Is this the correct reflection coefficient?

[newbie_rf]

For the structure in attached picture, should the Gama (reflection coefficient)=(Zin2-Zin1)/(Zin2+Zin1)?

I was wondering if it is Gama=(Zo2-Zo1)/(Zo2+Zo1), but I highly doubt it is the correct one to use.

It is the input impedances looking into each side that really matter. But I cannot think of a better justification.

Any one can help some insight?

 

[FvM]

Viewn from the connection point, only Zin1 and Zin2 are real. The line impedances are internal details of the connected ports that must not necessarily be known.

 

[newbie_rf]

Thank you FvM for comments. Using characteristic impedance for calculation does not make sense.

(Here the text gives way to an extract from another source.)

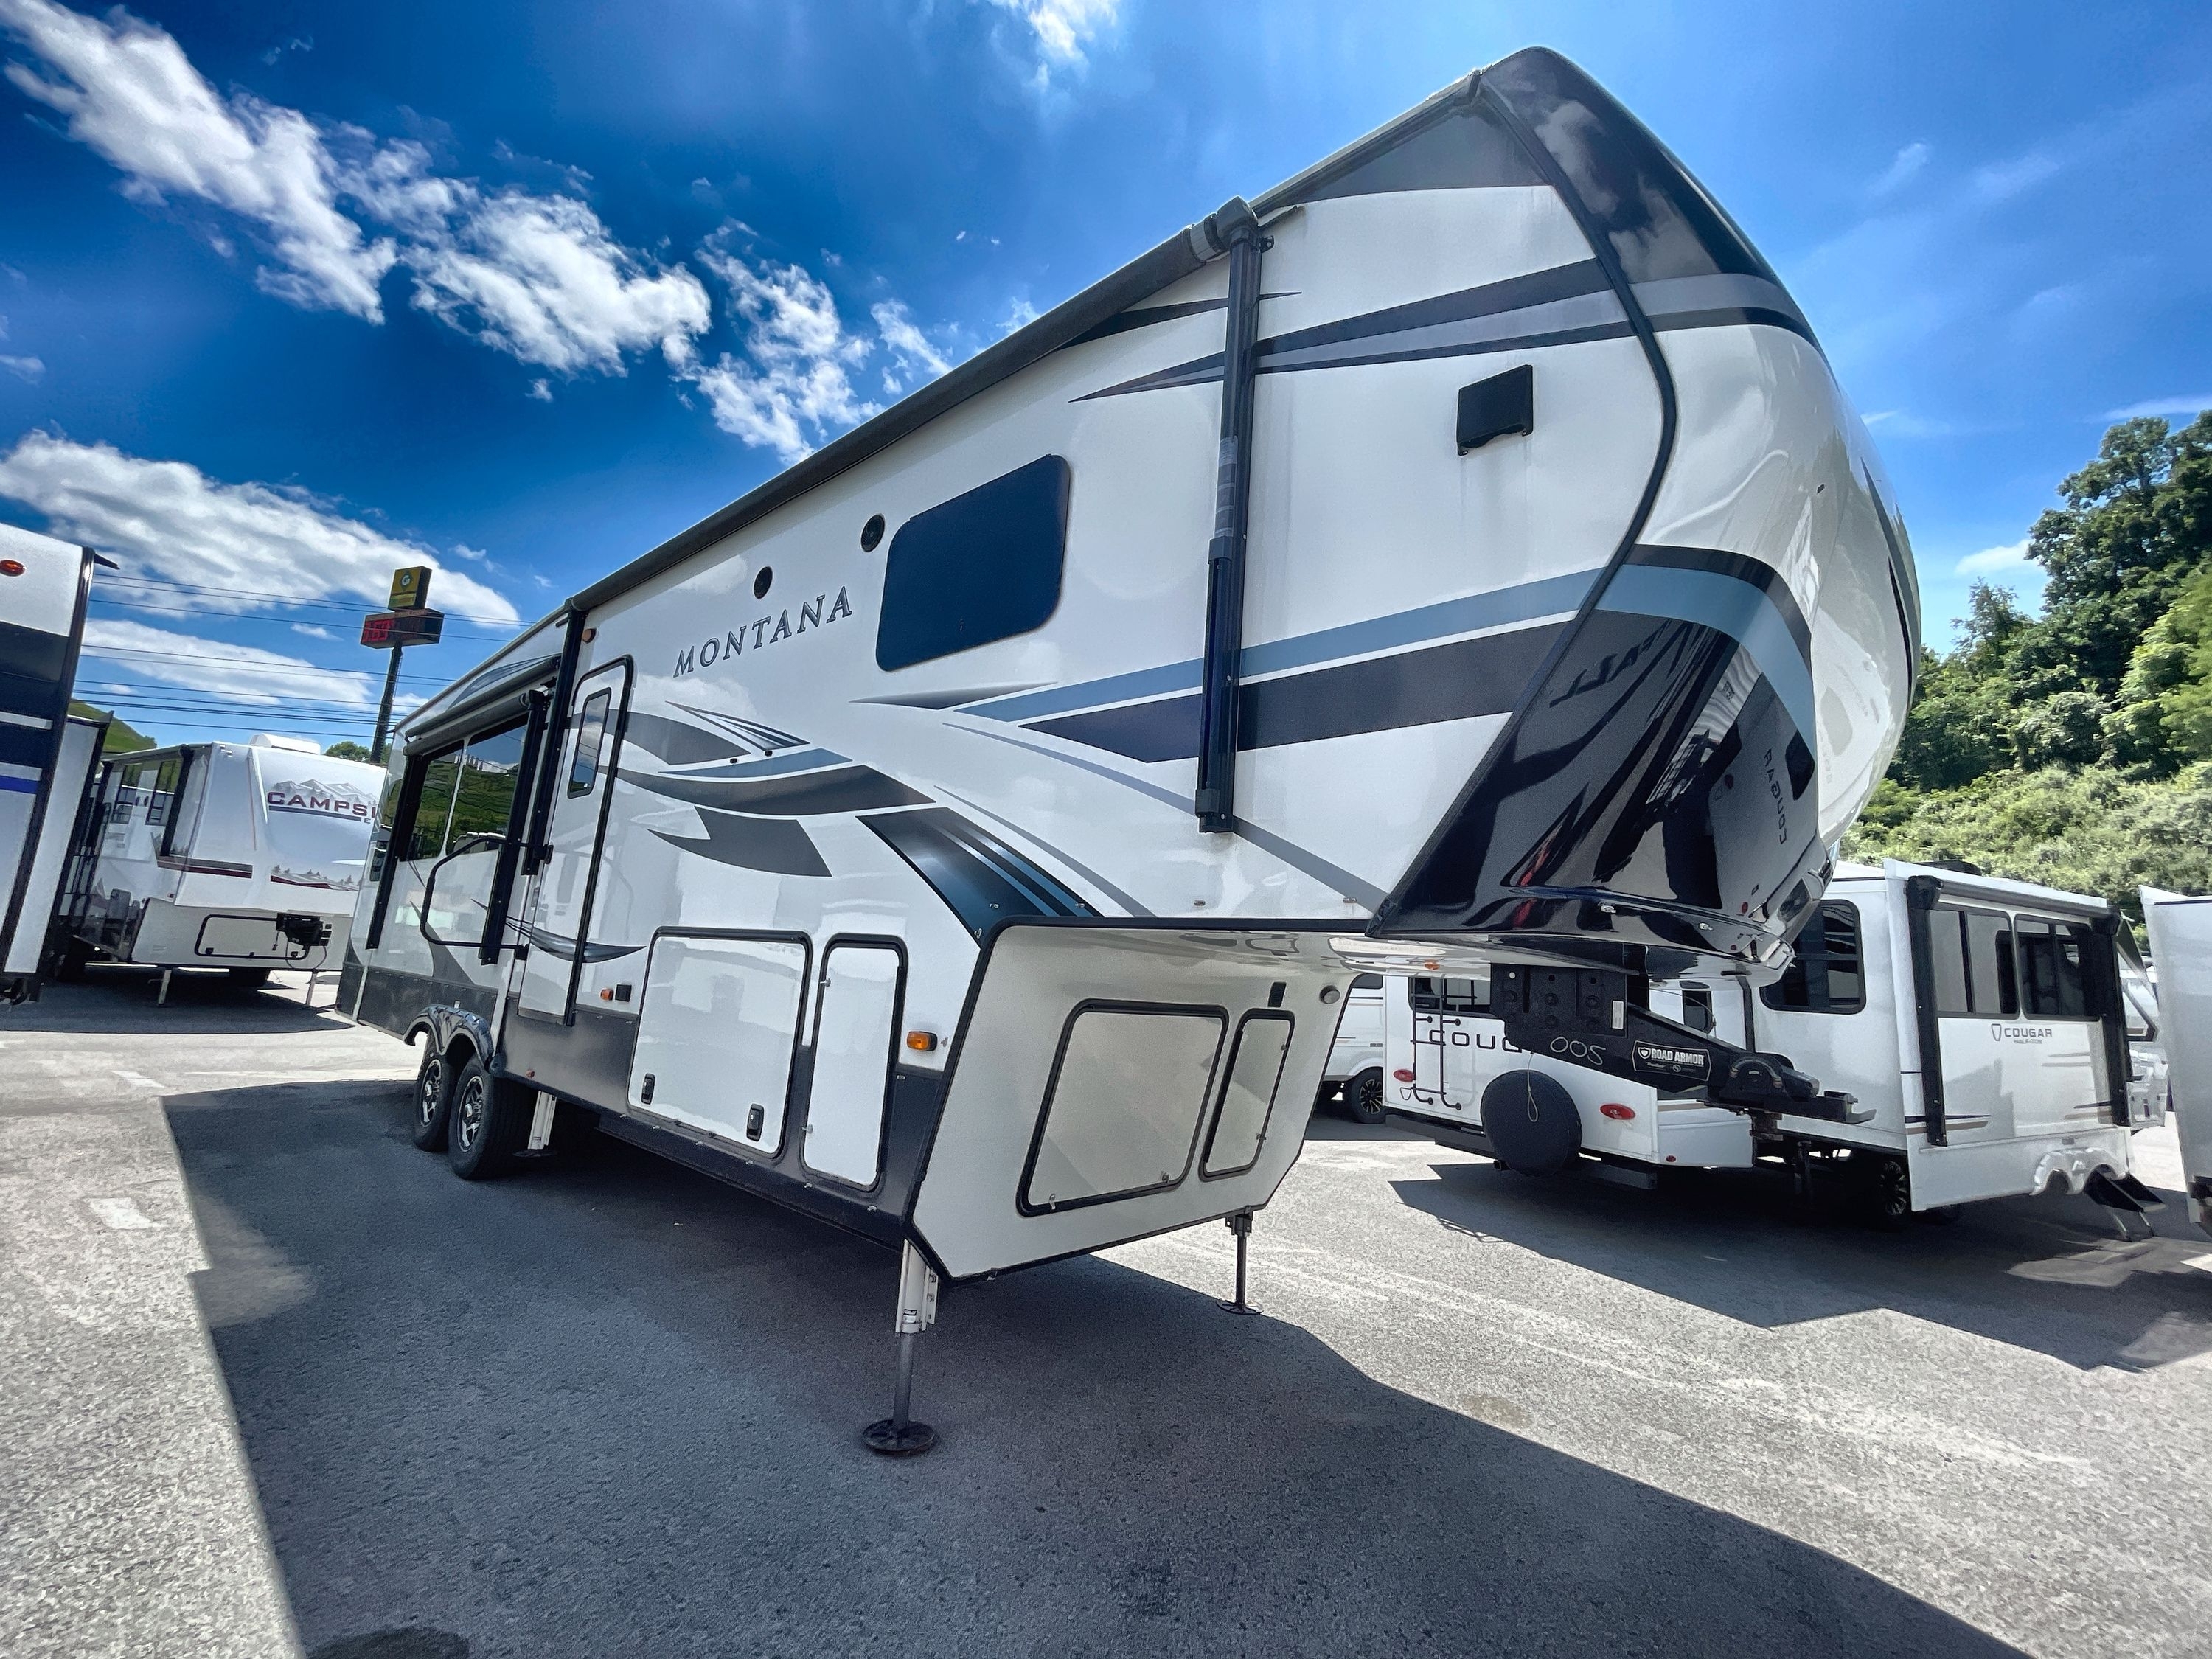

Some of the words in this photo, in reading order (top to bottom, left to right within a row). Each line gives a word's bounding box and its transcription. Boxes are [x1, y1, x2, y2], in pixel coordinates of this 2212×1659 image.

Just wondering why most textbook are not giving a more general case of using zin1 and zin2? What is up with that?

 

[newbie_rf]

I was thinking of this a little more: when the reflected wave travels down the line, at least at the beginning moment, it is seeing the input impedance as the characteristic impedance of the transmission line.

 

[FvM]

I was thinking of this a little more: when the reflected wave travels down the line, at least at the beginning moment, it is seeing the input impedance as the characteristic impedance of the transmission line.

The consideration would be right for a pulse respectively wide band matching problem. In the general case, reflection coefficients are frequency dependent and measured with continuous signals, so there's no "beginning moment". On the other side, you'll only achieve a frequency independent reflection coefficient if the "arbitrary load" equals the line impedance, or in other words Zin = Z0.